Data listing:
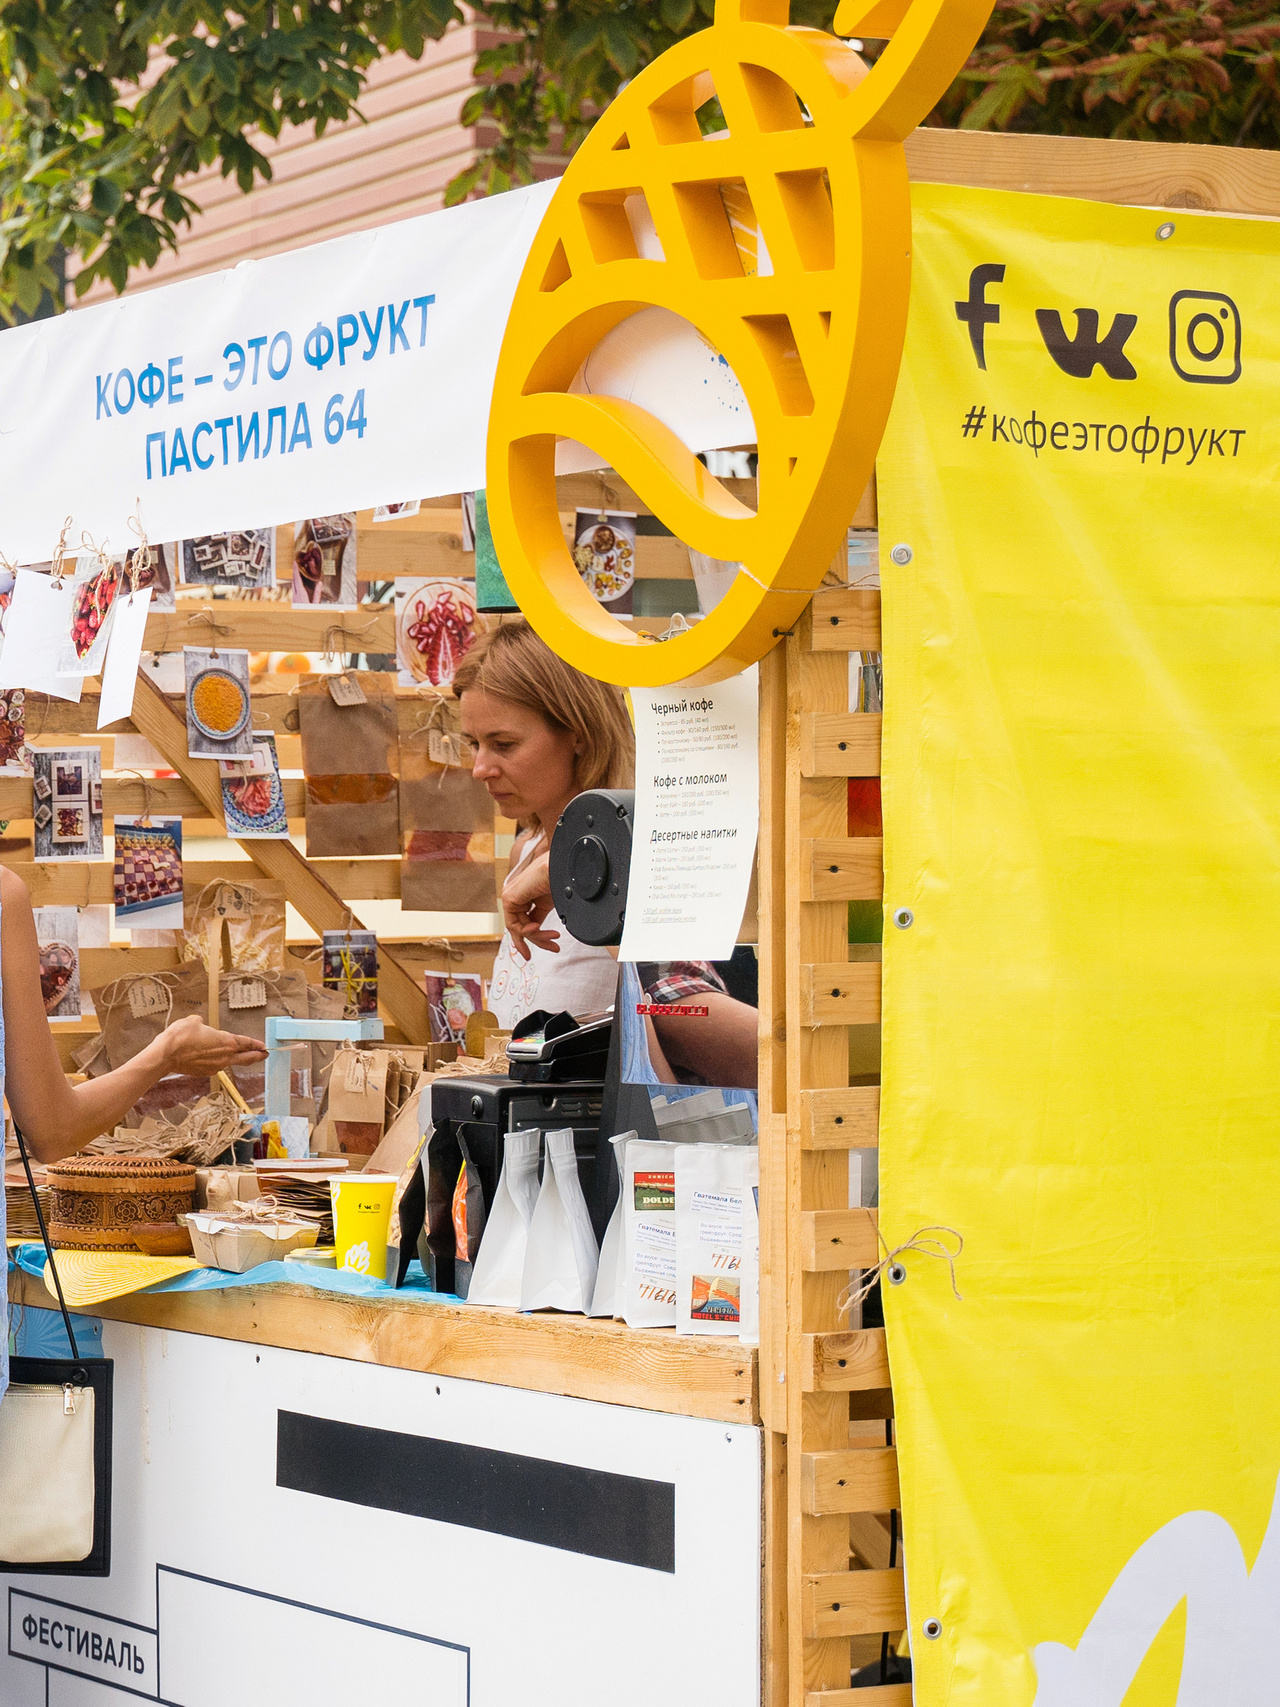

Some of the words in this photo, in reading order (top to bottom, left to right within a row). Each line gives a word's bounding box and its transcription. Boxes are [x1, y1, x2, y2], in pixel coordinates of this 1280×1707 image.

[95, 356, 184, 421] КОФЕ
[222, 331, 293, 392] ЭТО
[303, 294, 436, 371] ФРУКТ
[144, 401, 313, 480] ПАСТИЛА
[322, 388, 368, 445] 64
[961, 405, 1246, 466] #кофеэтофрукт
[651, 698, 688, 717] Черный
[690, 697, 714, 713] кофе
[653, 774, 677, 790] Кофе
[678, 776, 684, 786] с
[685, 773, 728, 785] молоком
[650, 829, 698, 845] Десертные
[700, 828, 738, 840] напитки
[21, 1613, 145, 1675] ФЕСТИВАЛЬ

To do:
The reply should contain all of the data above, word for word, with no pictures.

Your solution:
Some of the words in this photo, in reading order (top to bottom, left to right within a row). Each line gives a word's bounding box and its transcription. Boxes are [x1, y1, x2, y2], in pixel coordinates of this 1280×1707 image.

[95, 356, 184, 421] КОФЕ
[222, 331, 293, 392] ЭТО
[303, 294, 436, 371] ФРУКТ
[144, 401, 313, 480] ПАСТИЛА
[322, 388, 368, 445] 64
[961, 405, 1246, 466] #кофеэтофрукт
[651, 698, 688, 717] Черный
[690, 697, 714, 713] кофе
[653, 774, 677, 790] Кофе
[678, 776, 684, 786] с
[685, 773, 728, 785] молоком
[650, 829, 698, 845] Десертные
[700, 828, 738, 840] напитки
[21, 1613, 145, 1675] ФЕСТИВАЛЬ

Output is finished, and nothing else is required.